Subject: ohci_softintr() panic's because of chipset bug?
To: None <tech-kern@netbsd.org>
From: Karl Janmar <karl@utopiafoundation.org>
List: tech-kern
Date: 07/13/2005 16:36:55
I have panic's once in a while in the ohci_softintr(), that occure in
the code when it's about to reverse the done-list (see the backtrace
from the PR below).
open PR:s on the subject:
kern/30331 [serious/medium]: kernel panic somethimes with USB printer
kern/30398 [serious/low]: panic in ohci_softintr
(the first PR sent by me.)
I search around for information what could cause the problems with my
USB host.
Where I stand:
* I have looked through the FreeBSD code and their CVS history for any
changes related to this problem, no success.

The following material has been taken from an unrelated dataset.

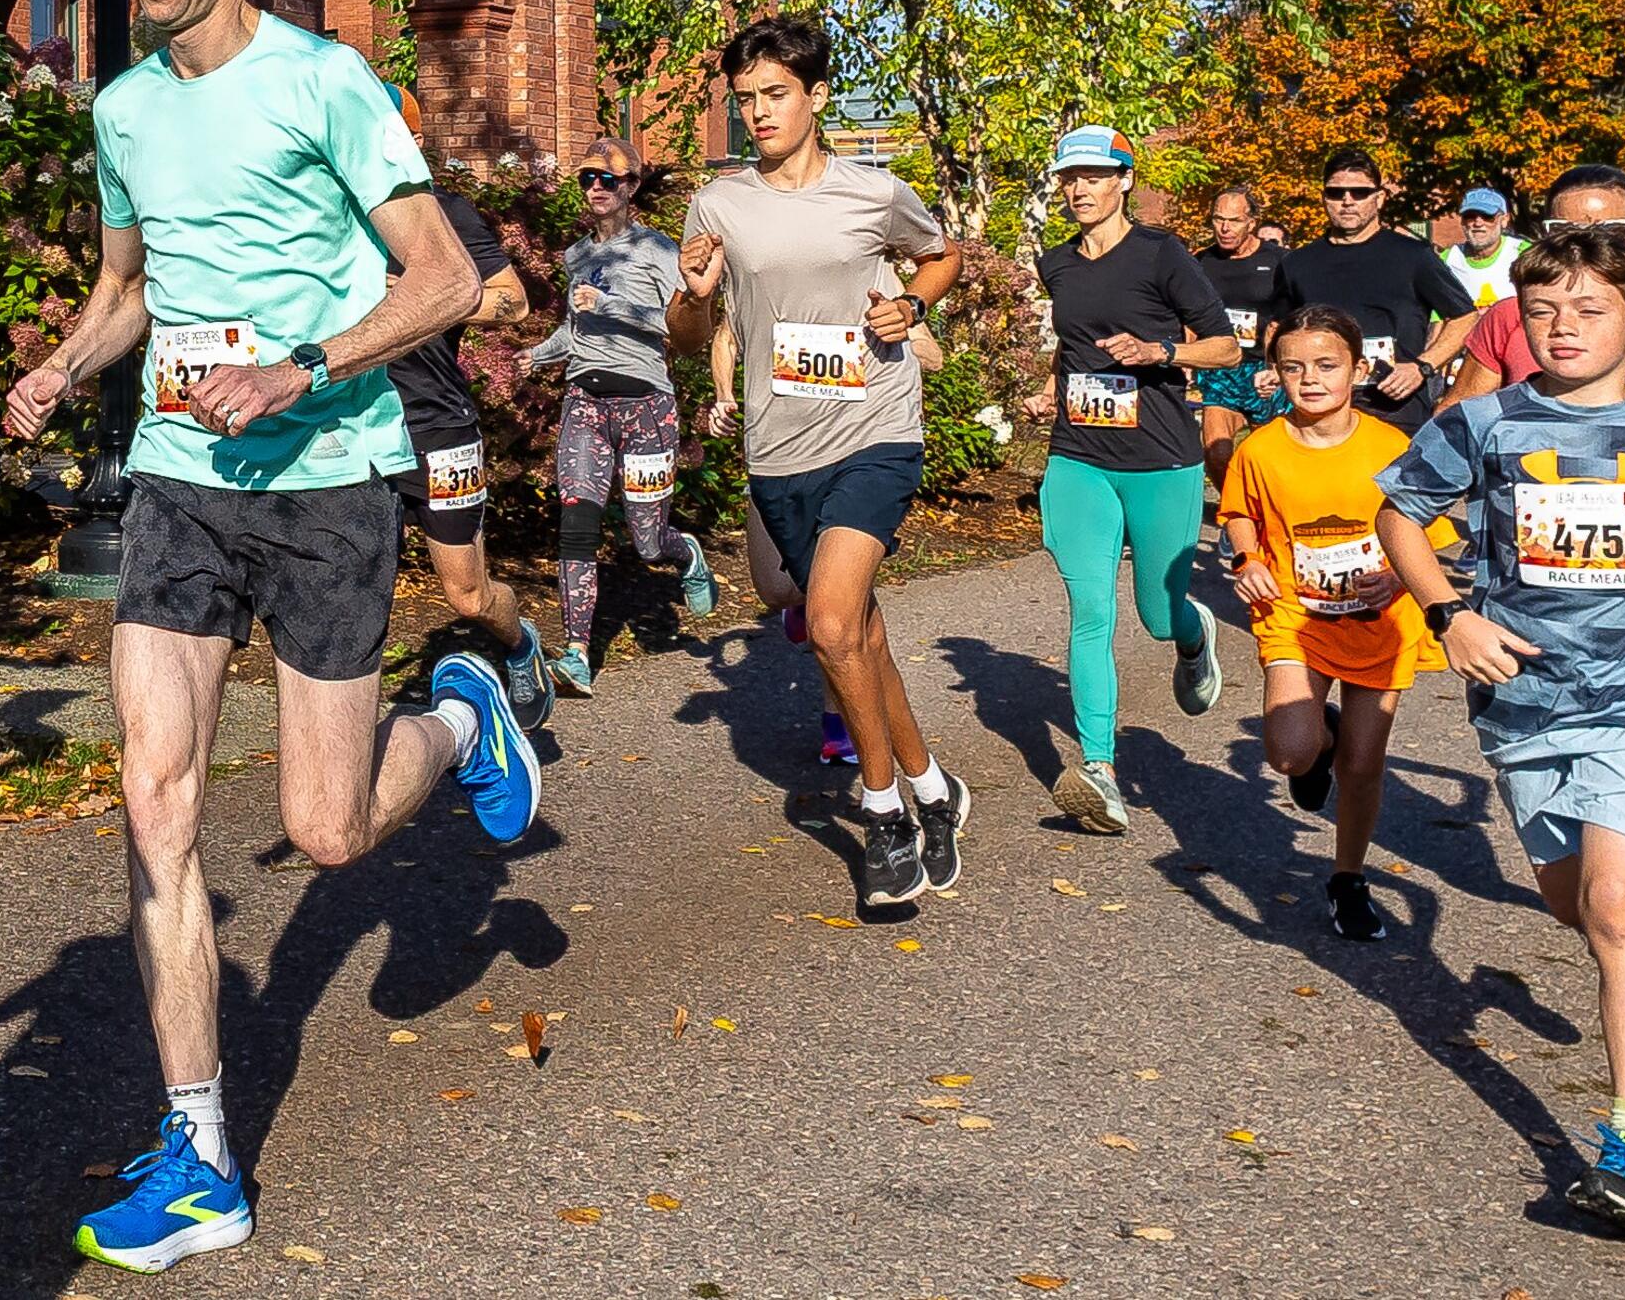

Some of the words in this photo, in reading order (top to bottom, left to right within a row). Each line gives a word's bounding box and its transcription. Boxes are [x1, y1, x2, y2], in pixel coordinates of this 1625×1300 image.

* I have looked in the NetBSD CVS history for relevant changes, but I
can't seen anything obvious.
* I have tried the latest ohci.c (from HEAD) but the with same result.
* I have looked at the Linux source to see what they do in similar
event. If I understand the code right they just print an error
message to the console and abort the iteration.
http://fxr.watson.org/fxr/source/drivers/usb/host/ohci-q.c?v=linux-2.6.11.8#L866
Questions:
* In ohci_softintr(): When our driver reverse the done list, it call
ohci_hash_find_td() to get the td (Transfer description?) at the
specified physical address. Why isn't ohci_hash_find_td() and
ohci_hash_find_idt() protected with splusb()?
* If we simply abort the done traverse when we detect this condition
(that done is an invalid itd or td). What information needs to be
checked to retain a known state again. I know that can be a risky
business...
* I read some ideas that these conditions could occur because of buggy
DMA, is this likely?
Regards,
Karl